Defensive stocks, like those in the utility space, are perceived as safe and sound. When recession strikes, it’s these such names that can be relied upon. Leaning on them during hard times tends to be a good strategy if you can get in at a good price.
Even safe stocks can crumble if the price isn’t right!
With so many other investors leaning on them these days, they can crumble. Not due to factors related to the fundamentals or the impact of a recession, but due to a correction in valuation.
At the end of the day, safe stocks aren’t so safe if you overpay. No stock is safe if you’re paying way more than its intrinsic value. That’s why investors must be careful where they place bets ahead of the coming economic downturn.
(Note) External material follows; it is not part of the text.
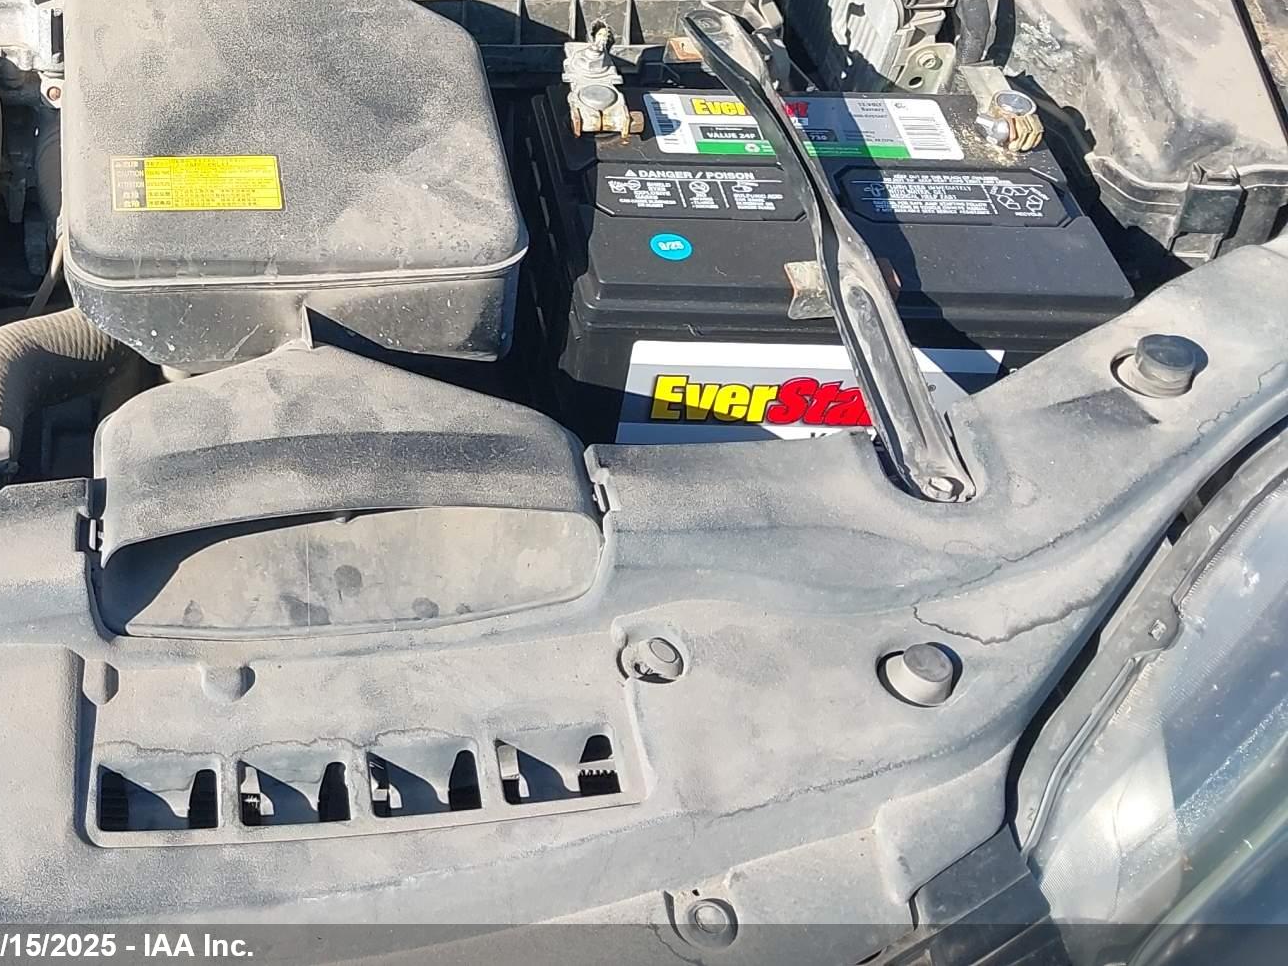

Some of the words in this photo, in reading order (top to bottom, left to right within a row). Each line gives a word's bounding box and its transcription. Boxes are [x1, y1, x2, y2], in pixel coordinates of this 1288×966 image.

[706, 131, 738, 139] VALUE
[637, 170, 693, 179] DANGER
[705, 171, 756, 180] POISON
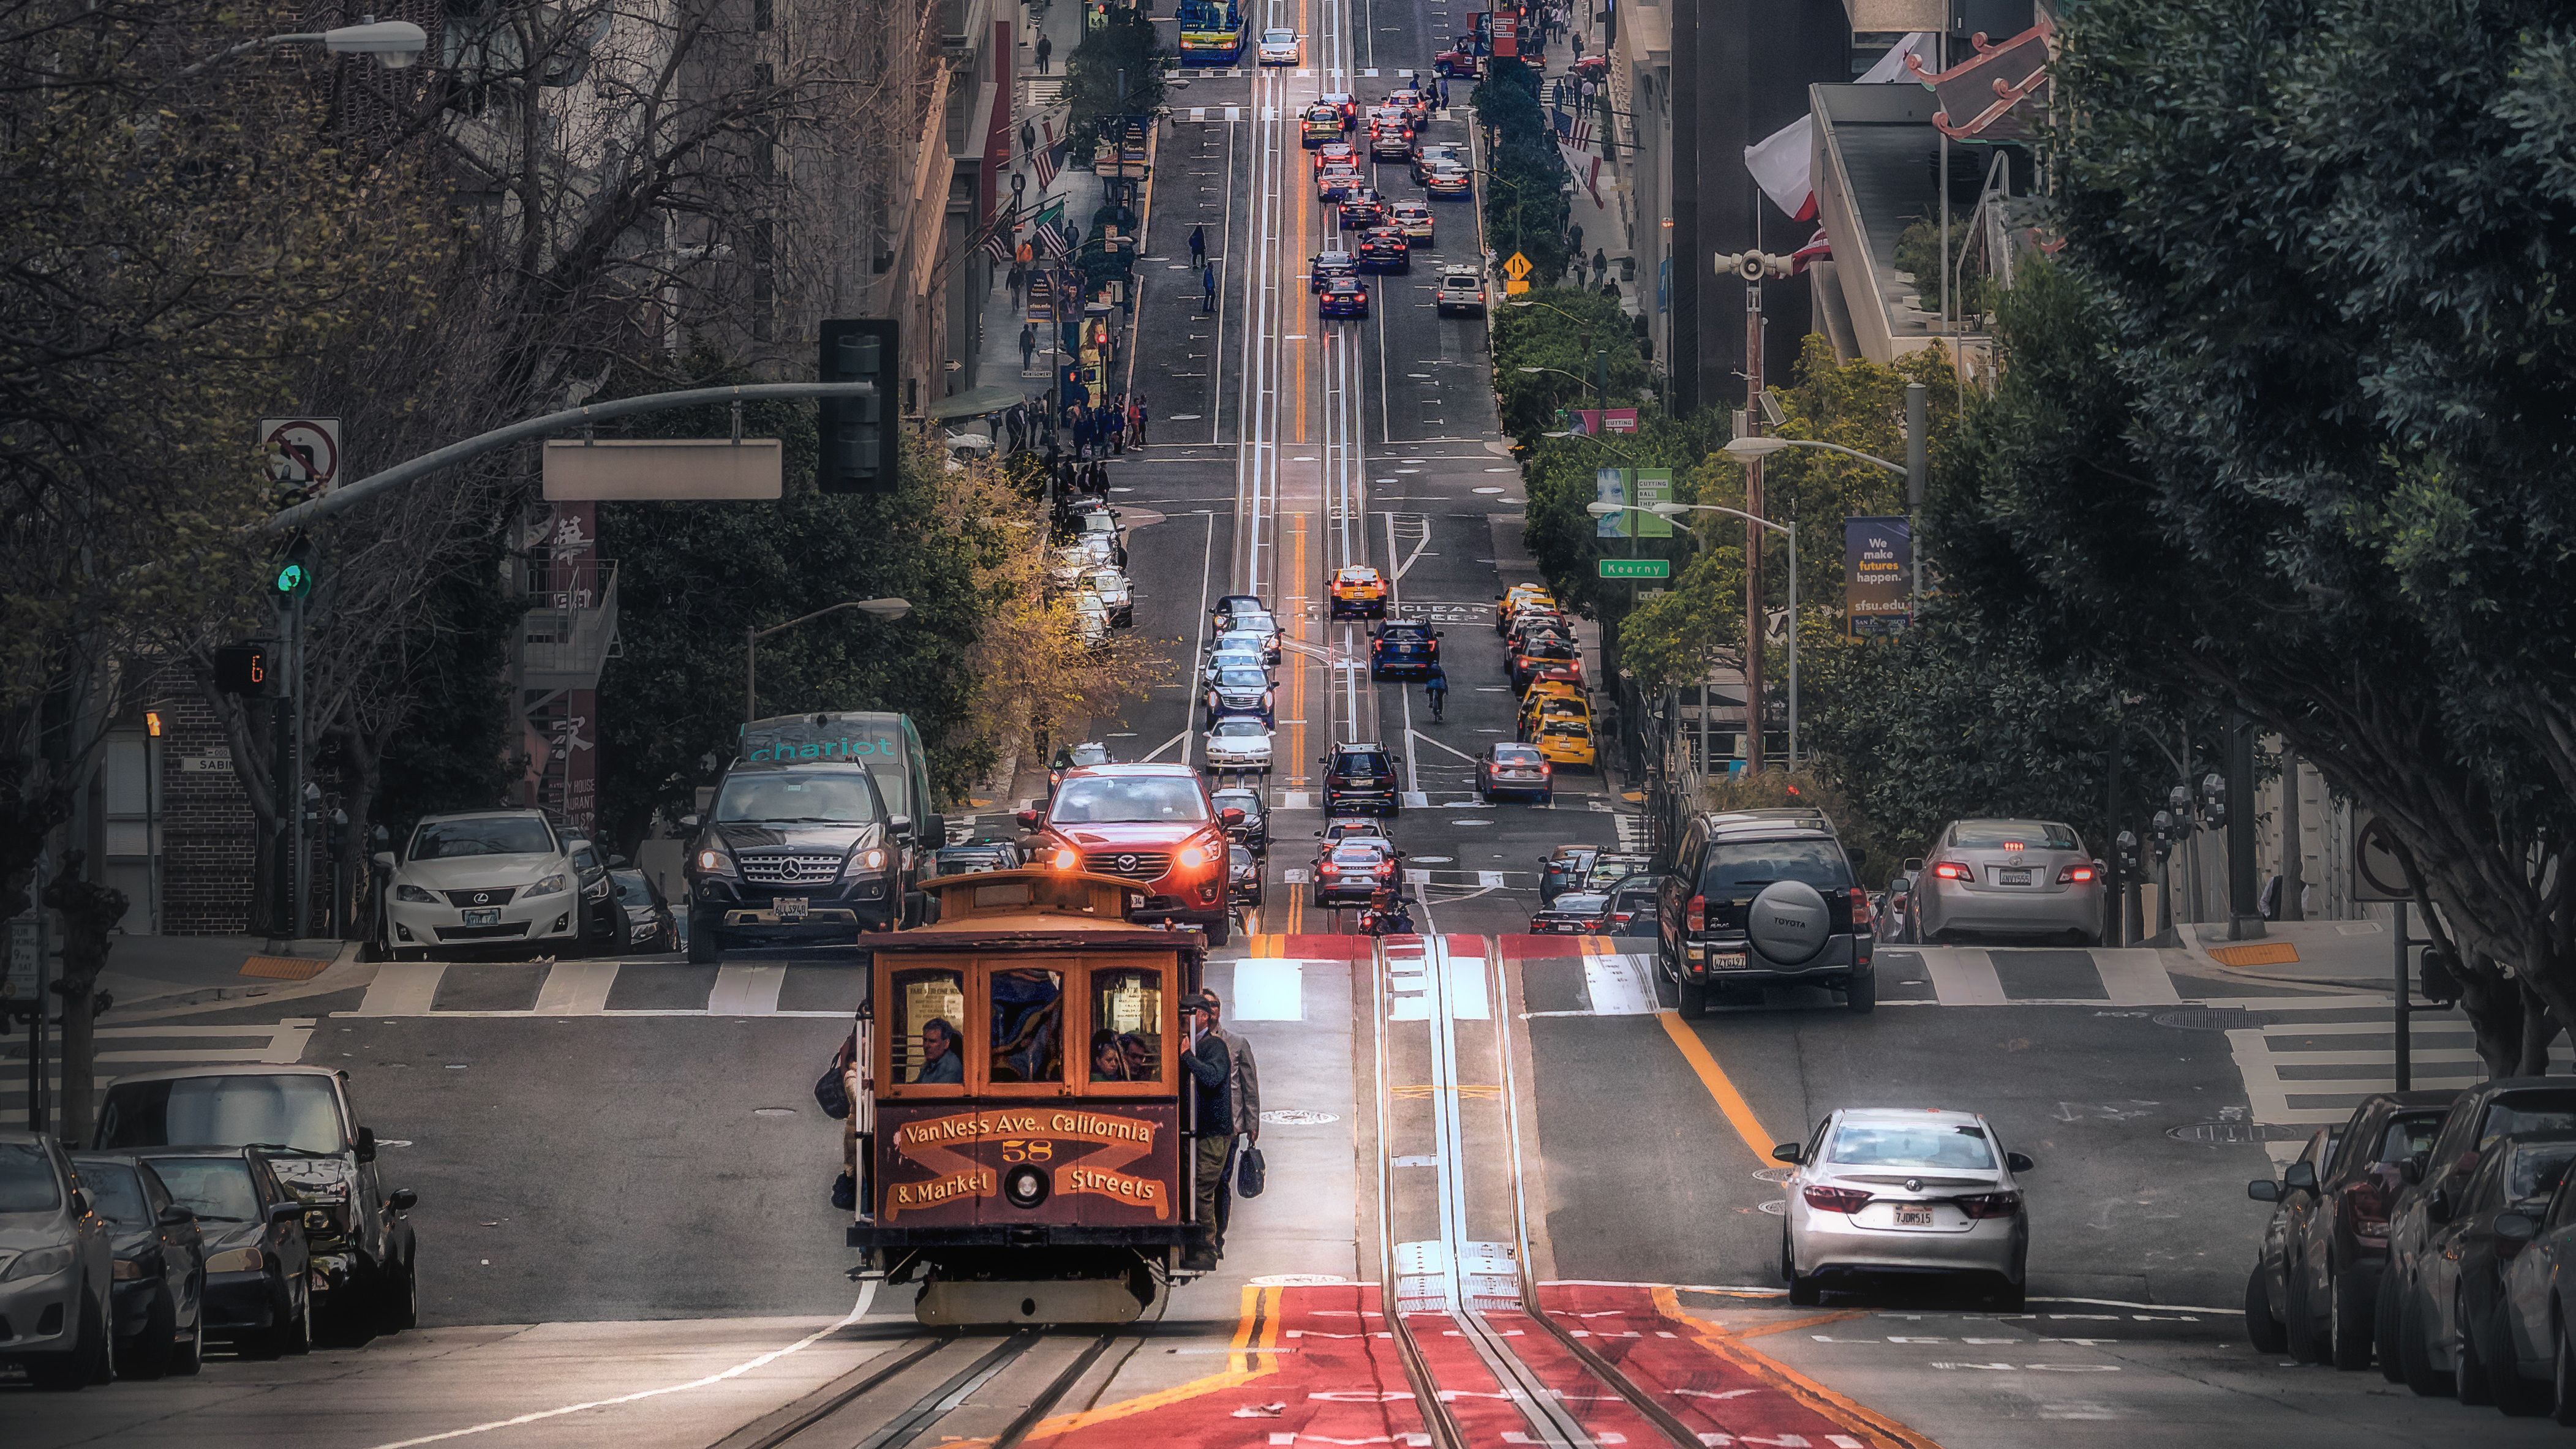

In 2021, growth mattered more than valuation. In 2022, investors who thought that saw that it ended in tears. In 2022, defensive stocks seem like great bets, regardless of price. I have a feeling it won’t end well for such investors seeking safety if they’re not mindful of valuation. Valuation matters, regardless of what “type” of stock you’re buying.
Fairfax Financial Holdings
Fairfax Financial Holdings (TSX:FFH) is an insurer and holding company run by renowned value investor Prem Watsa. He’s known as Canada’s Warren Buffett due to his ability to score “alpha” (that’s superior risk-adjusted returns) over time. Though he’s a smart investor, he’s made mistakes. And he has been beaten by the market for certain years as a result.
In 2022, Fairfax and Watsa are back to their market-beating ways, with 26.2% gains year to date. With lots of focus paid to downside risks, Fairfax is a great play to hold through turbulent times. Watsa hedges hit bets and knows that markets don’t always go up.
Going into 2023, I think Fairfax is a cheap way to play defence. The stock trades at 0.6 times price to sales and 1.0 times price to book, making it one of the cheaper options on the TSX today.
CN Rail
CN Rail (TSX:CNR) is a legendary railway with the most extensive network in North America. Like Fairfax, CN is up big on the year, and now more than 11% year to date. Indeed, a recession could weigh, but it seems like few things can stop this Steady Eddie from powering higher under CEO Tracy Robinson’s leadership. Recent quarters under Robinson have been encouraging.
At 24.4 times trailing price-to-earnings (P/E), CNR stock isn’t discounted versus historical averages. That said, shares are much cheaper than industry averages (28.4 times P/E). With a 1.7% dividend yield and a 0.72 beta, CNR stock is a great way to batten down the hatches.